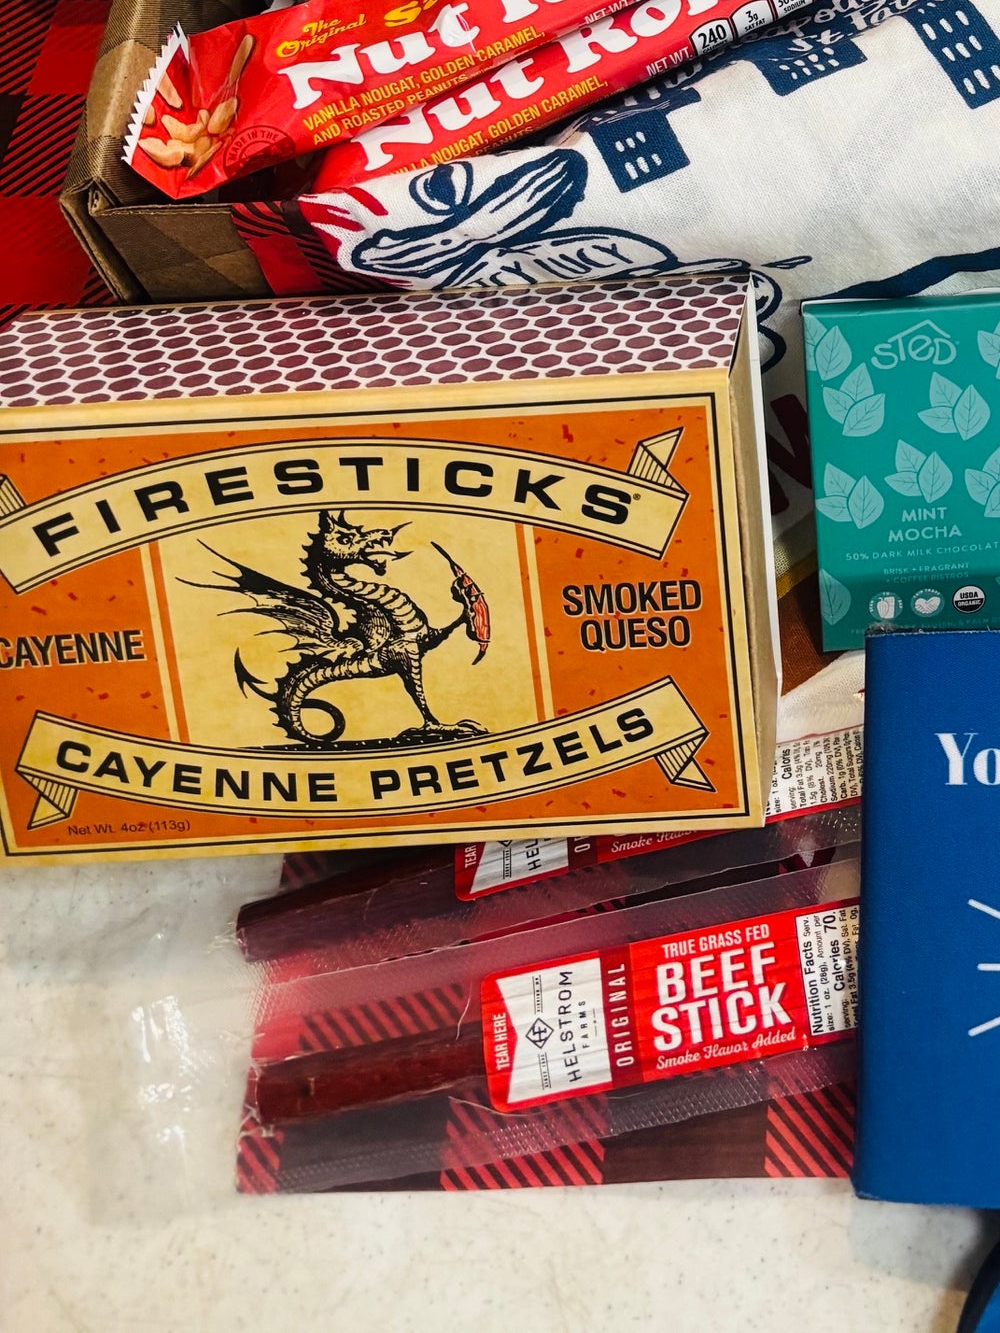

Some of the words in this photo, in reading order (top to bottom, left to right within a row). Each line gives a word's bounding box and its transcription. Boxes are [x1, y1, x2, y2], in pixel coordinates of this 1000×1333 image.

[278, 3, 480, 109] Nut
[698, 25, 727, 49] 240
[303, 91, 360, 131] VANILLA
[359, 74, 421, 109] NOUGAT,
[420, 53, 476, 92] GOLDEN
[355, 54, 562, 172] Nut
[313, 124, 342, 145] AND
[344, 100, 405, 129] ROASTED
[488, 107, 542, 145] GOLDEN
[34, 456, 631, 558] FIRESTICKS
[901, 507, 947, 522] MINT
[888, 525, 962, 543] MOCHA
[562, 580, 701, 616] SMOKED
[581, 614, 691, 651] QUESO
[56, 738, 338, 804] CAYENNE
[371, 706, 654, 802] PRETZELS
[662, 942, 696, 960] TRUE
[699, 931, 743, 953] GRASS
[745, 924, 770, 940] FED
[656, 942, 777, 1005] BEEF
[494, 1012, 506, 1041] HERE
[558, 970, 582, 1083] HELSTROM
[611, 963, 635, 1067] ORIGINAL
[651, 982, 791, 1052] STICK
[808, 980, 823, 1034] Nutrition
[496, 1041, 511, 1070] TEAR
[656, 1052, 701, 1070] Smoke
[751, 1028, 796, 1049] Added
..............................
=== TASK DESCRIPTION ===
Using the records above, output their complete text exactly, minus any images.

=== SOLVED PROBLEM ===
Some of the words in this photo, in reading order (top to bottom, left to right within a row). Each line gives a word's bounding box and its transcription. Boxes are [x1, y1, x2, y2], in pixel coordinates of this 1000×1333 image.

[278, 3, 480, 109] Nut
[698, 25, 727, 49] 240
[303, 91, 360, 131] VANILLA
[359, 74, 421, 109] NOUGAT,
[420, 53, 476, 92] GOLDEN
[355, 54, 562, 172] Nut
[313, 124, 342, 145] AND
[344, 100, 405, 129] ROASTED
[488, 107, 542, 145] GOLDEN
[34, 456, 631, 558] FIRESTICKS
[901, 507, 947, 522] MINT
[888, 525, 962, 543] MOCHA
[562, 580, 701, 616] SMOKED
[581, 614, 691, 651] QUESO
[56, 738, 338, 804] CAYENNE
[371, 706, 654, 802] PRETZELS
[662, 942, 696, 960] TRUE
[699, 931, 743, 953] GRASS
[745, 924, 770, 940] FED
[656, 942, 777, 1005] BEEF
[494, 1012, 506, 1041] HERE
[558, 970, 582, 1083] HELSTROM
[611, 963, 635, 1067] ORIGINAL
[651, 982, 791, 1052] STICK
[808, 980, 823, 1034] Nutrition
[496, 1041, 511, 1070] TEAR
[656, 1052, 701, 1070] Smoke
[751, 1028, 796, 1049] Added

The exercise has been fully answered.